Zonya menunduk, menyembunyikan wajahnya yang sudah memerah. Ia lantas berjalan mendekati sang Ayah, dan memandang wajah tua itu lekat-lekat. Ia tersenyum lembut seakan mengatakan bahwa dirinya baik-baik saja. Namun Ayah Ardan tentu tahu bagaimana perasaan putrinya yang sebenarnya.
"Zoe pamit Yah," lagi-lagi Zonya mengucapkan kalimat yang sama pada sang Ayah.
"Ayah akan berdo'a untuk kebahagiaanmu Nak. Berbahagialah!"
Zonya berbalik untuk menemui suaminya yang sudah menunggu di mobil. Begitu Zonya akan mencapai pintu untuk keluar, tiba-tiba tubuhnya terdiam saat merasakan ada tangan yang memeluk tubuhnya dari belakang.
"Maafkan Anggi yang tidak bisa membantu Kakak," ucap Anggi.
Sejenak, Zonya membiarkan Anggi yang memeluk tubuhnya. Sebelum akhirnya ia melepas belitan tangan adiknya dengan satu tangan, sedangkan tangan lainnya ia gunakan untuk menopang bayi dalam gendongannya. Ia menghela napas lemah, sebelum akhirnya berbalik dan menghapus air mata adiknya.

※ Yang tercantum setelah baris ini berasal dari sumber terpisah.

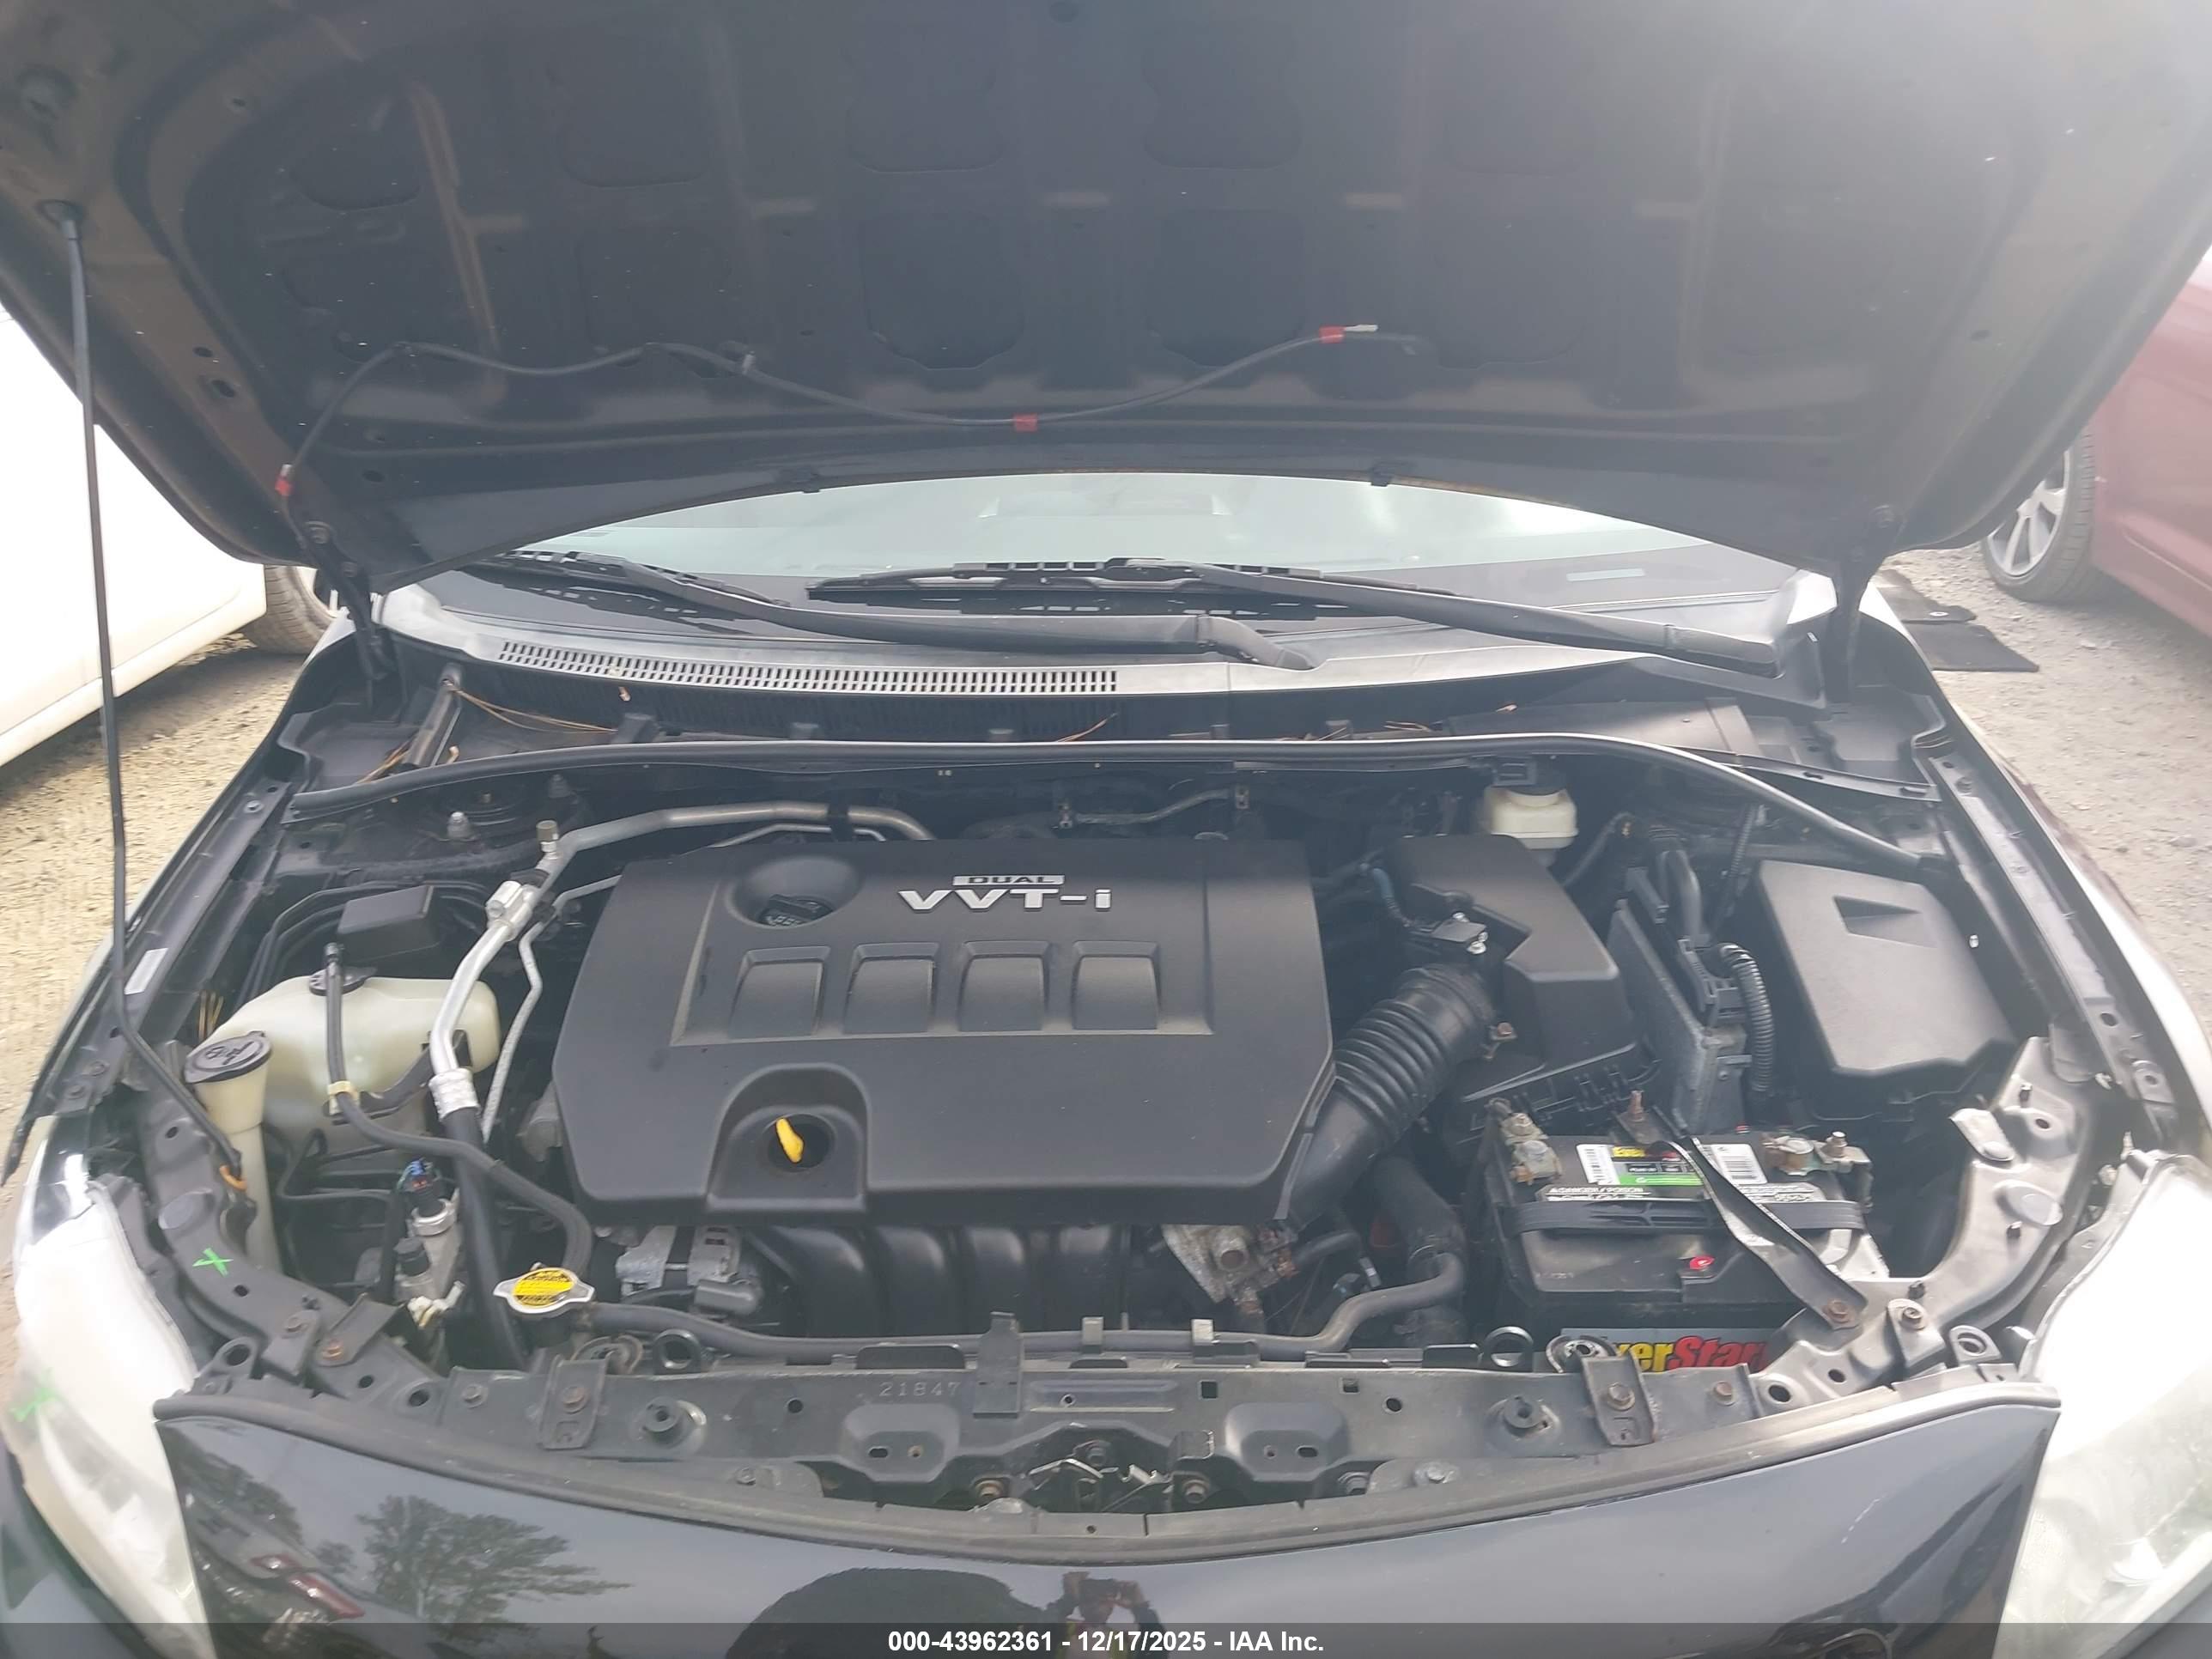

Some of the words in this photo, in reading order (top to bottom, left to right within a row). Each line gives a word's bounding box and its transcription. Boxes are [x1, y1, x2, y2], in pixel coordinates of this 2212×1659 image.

[966, 876, 1056, 884] DUAL
[897, 888, 1112, 912] VVT-i
[878, 1380, 962, 1397] 21847

"Bereskan skripsimu segera dan gantikan Kakak memimpin rumah sakit!"
Anggi mengangguk dengan wajah yang sudah basah oleh air mata, "Aku berjanji untuk menyelesaikannya segera Kak."

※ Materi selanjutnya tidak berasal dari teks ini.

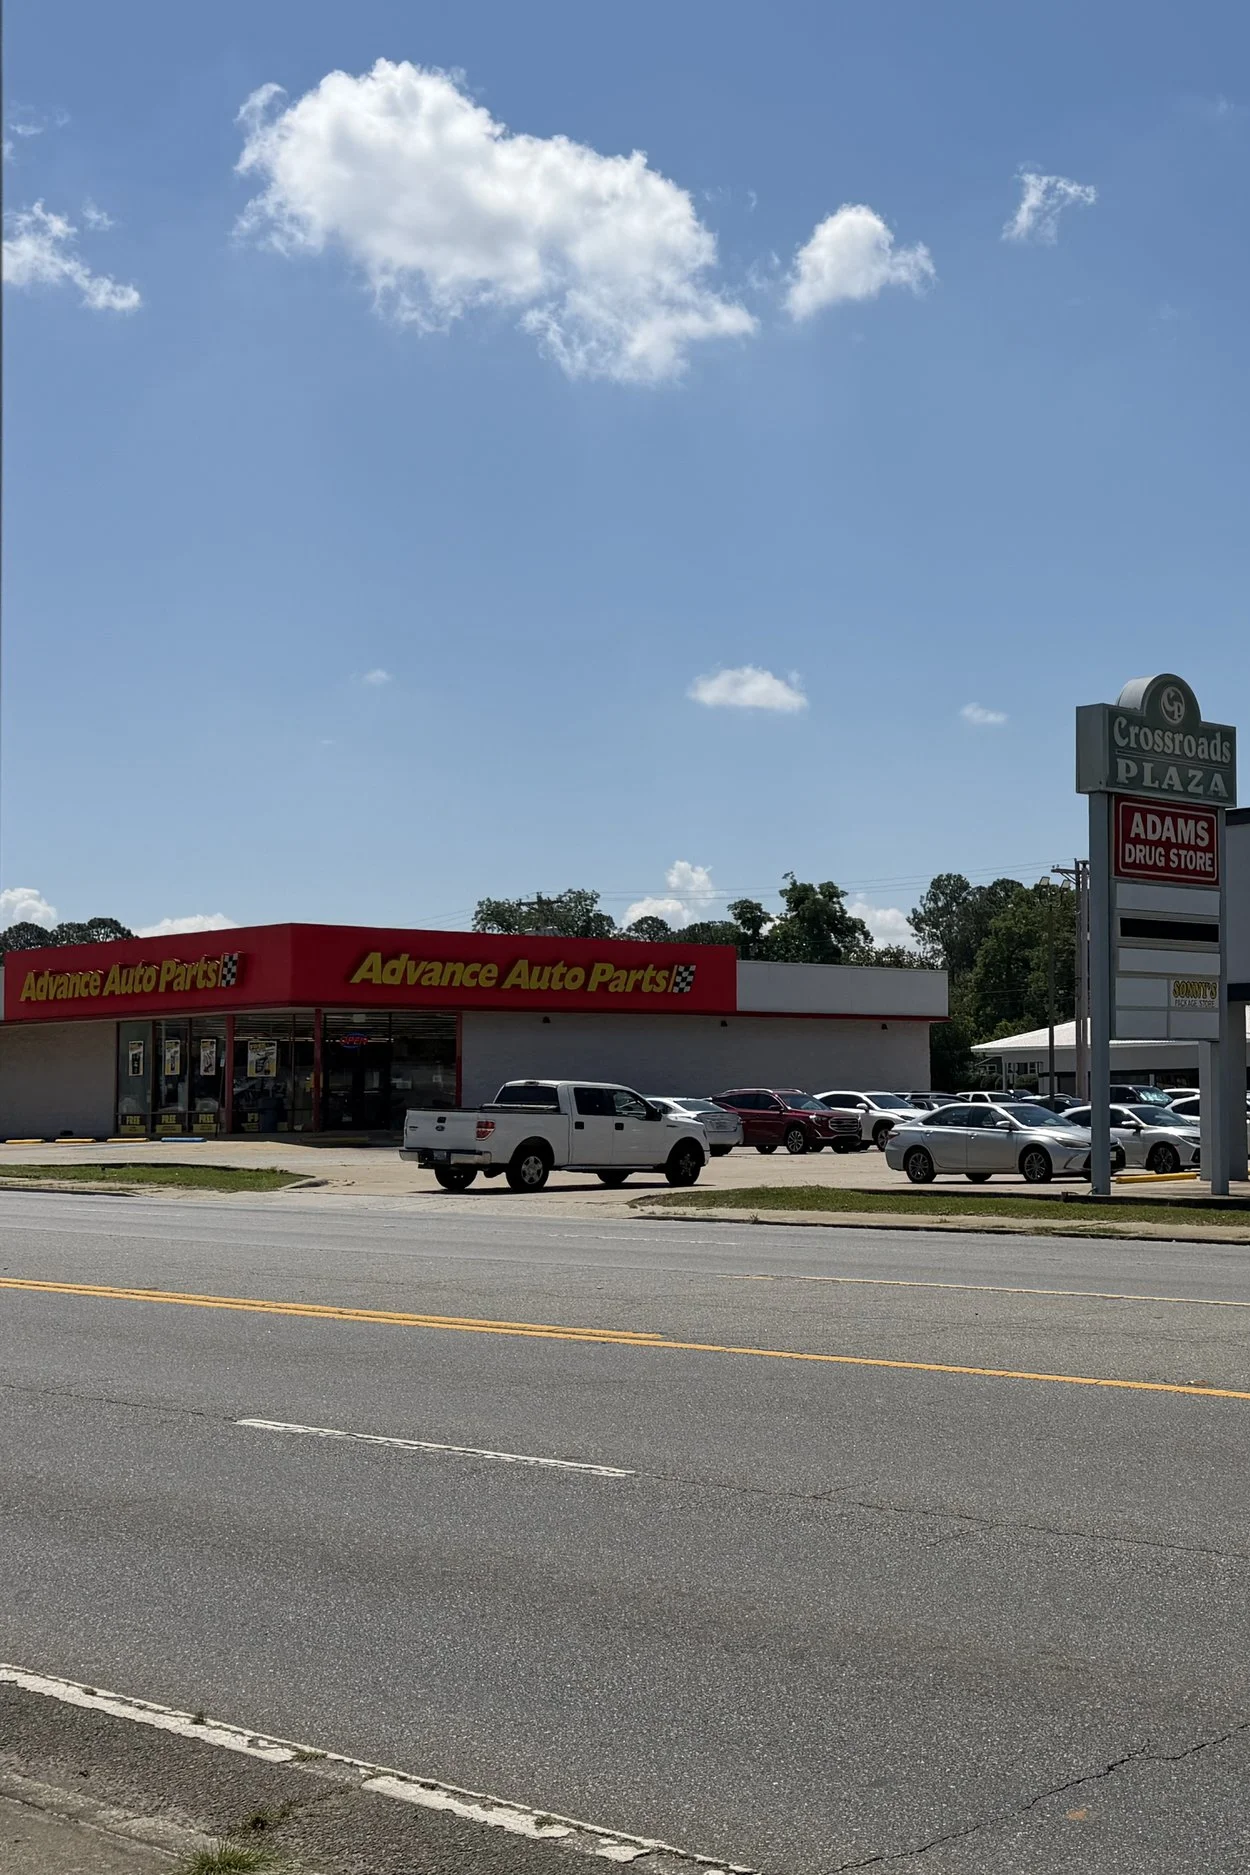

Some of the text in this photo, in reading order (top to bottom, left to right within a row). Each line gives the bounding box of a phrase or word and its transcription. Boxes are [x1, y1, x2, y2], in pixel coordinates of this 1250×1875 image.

[1113, 716, 1232, 763] Crossroads
[1116, 758, 1229, 798] PLAZA
[1130, 812, 1209, 847] ADAMS
[1124, 844, 1214, 872] DRUG STORE
[20, 957, 217, 1002] Advance Auto Parts
[349, 951, 669, 993] Advance Auto Parts
[1174, 980, 1217, 999] SONNY'S
[1199, 1000, 1215, 1008] STORE
[340, 1035, 368, 1046] OPEN
[126, 1116, 141, 1125] FREE
[161, 1114, 176, 1124] FREE
[199, 1114, 215, 1123] FREE

"Jaga Ayah dan Bunda, Kakak pamit." Zonya menatap setiap sudut rumah kediaman keluarganya. Lalu tatapannya beralih pada kedua orang tuanya dan kedua orang tua Sean. Ia mengangguk sembari tersenyum kepada mereka semua, "Assalamu'alaikum."
"Wa'alaikum salam."
Sean membukakan pintu mobil begitu melihat Zonya mendekat. Setelah Zonya masuk, ia ikut masuk dan duduk didepan kemudi. Setelah itu, mobil 'pun melaju membelah jalanan menuju rumah yang selama ini Sean tempati bersama Nasila. Sepanjang jalan, tidak ada pembicaraan apapun diantara Sean dan Zonya. Hingga beberapa saat berlalu, akhirnya mobil yang dikemudikan Sean tiba di rumah besar miliknya.

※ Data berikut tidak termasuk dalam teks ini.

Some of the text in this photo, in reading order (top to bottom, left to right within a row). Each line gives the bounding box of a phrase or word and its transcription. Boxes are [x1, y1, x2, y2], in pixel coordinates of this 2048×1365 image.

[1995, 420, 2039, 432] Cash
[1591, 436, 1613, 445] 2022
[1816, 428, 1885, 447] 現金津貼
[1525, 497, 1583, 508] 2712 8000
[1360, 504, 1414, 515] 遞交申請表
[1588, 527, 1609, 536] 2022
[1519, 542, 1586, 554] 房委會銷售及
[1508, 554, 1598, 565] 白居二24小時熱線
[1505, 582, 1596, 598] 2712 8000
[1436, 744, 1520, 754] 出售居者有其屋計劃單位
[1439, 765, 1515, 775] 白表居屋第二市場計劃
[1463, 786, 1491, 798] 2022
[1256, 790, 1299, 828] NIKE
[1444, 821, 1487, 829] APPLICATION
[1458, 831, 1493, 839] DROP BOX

"Pak Tris, tolong masukkan barang-barang yang ada di bagasi!" ucap Sean pada salah satu pekerja rumahnya.
"Baik Tuan."
Sean langsung turun dari mobil dan melangkah masuk tanpa mengajak Zonya. Sedangkan Zonya sendiri melangkah pelan mengikuti arah langkah suaminya. Begitu tiba di pintu utama, sebuah foto besar terpajang indah menyambut kedatangan Zonya.
Sejenak, Zonya menghentikan langkahnya dan memandang foto sang Kakak bersama suaminya. Untuk pertama kalinya, matanya berkaca-kaca memandang foto itu. Ia tersenyum dan mencium wajah Naina yang terlelap dalam gendongannya.
"Selamat jalan Kak, aku harap kau tenang di sana." batin Zonya.
"Aku tidak akan melepas pajangan foto itu hanya karena keberadaanmu di rumah ini."
Zonya melihat suminya yang berjalan mendekat. Ia lantas menghapus air matanya yang membasahi pipi dan membalas tatapan suminya tanpa rasa takut, "Tidak apa-apa Mas, aku mengerti."
"Bagus kalau begitu," Sean ikut menatap foto pernikahannya bersama istri tercintanya. Setelah itu ia kembali menatap Zonya, "Ayo ikut aku!"
Tanpa bantahan, Zonya mengikuti langkah Sean menuju kamar. Zonya menghentikan langkahnya saat melihat sang suami membuka pintu kamar dan menampakkan fasilitas di dalamnya yang tentu saja menyimpan kemewahan.
"Kau akan tidur di kamar ini bersama Naina," Sean menggeser tubuhnya, memberikan akses pada Zonya untuk melihat lebih dalam. "Jangan pernah memasuki kamarku dengan alasan apapun dan jangan pernah mengusik waktuku dengan alasan apapun. Sekarang, kau adalah ibu sambung Naina, kau bertanggung jawab penuh untuk mengasuhnya. Jadi lakukan tanggung jawabmu dengan baik!"
Setelah mengatakan itu, Sean langsung pergi dari sana. Meninggalkan Zonya yang kini menatap kamar tersebut dengan menghela napas kasar. Ia lantas memasuki kamar dan mengunci pintunya. Setelah itu, ia menidurkan Naina pada ranjang bayi yang memang tersedia di sana.
"Nai... Kenapa jalan hidup kita seperti ini Sayang. Kau ditinggal Mama, sedangkan Aunty harus menikah dengan papamu karena terpaksa," lirih Zonya. Ia lantas mencium wajah sang keponakan dengan air mata yang kembali mengalir. "Kita jalani ini bersama-sama ya, bantu Aunty untuk menghadapi semua ini."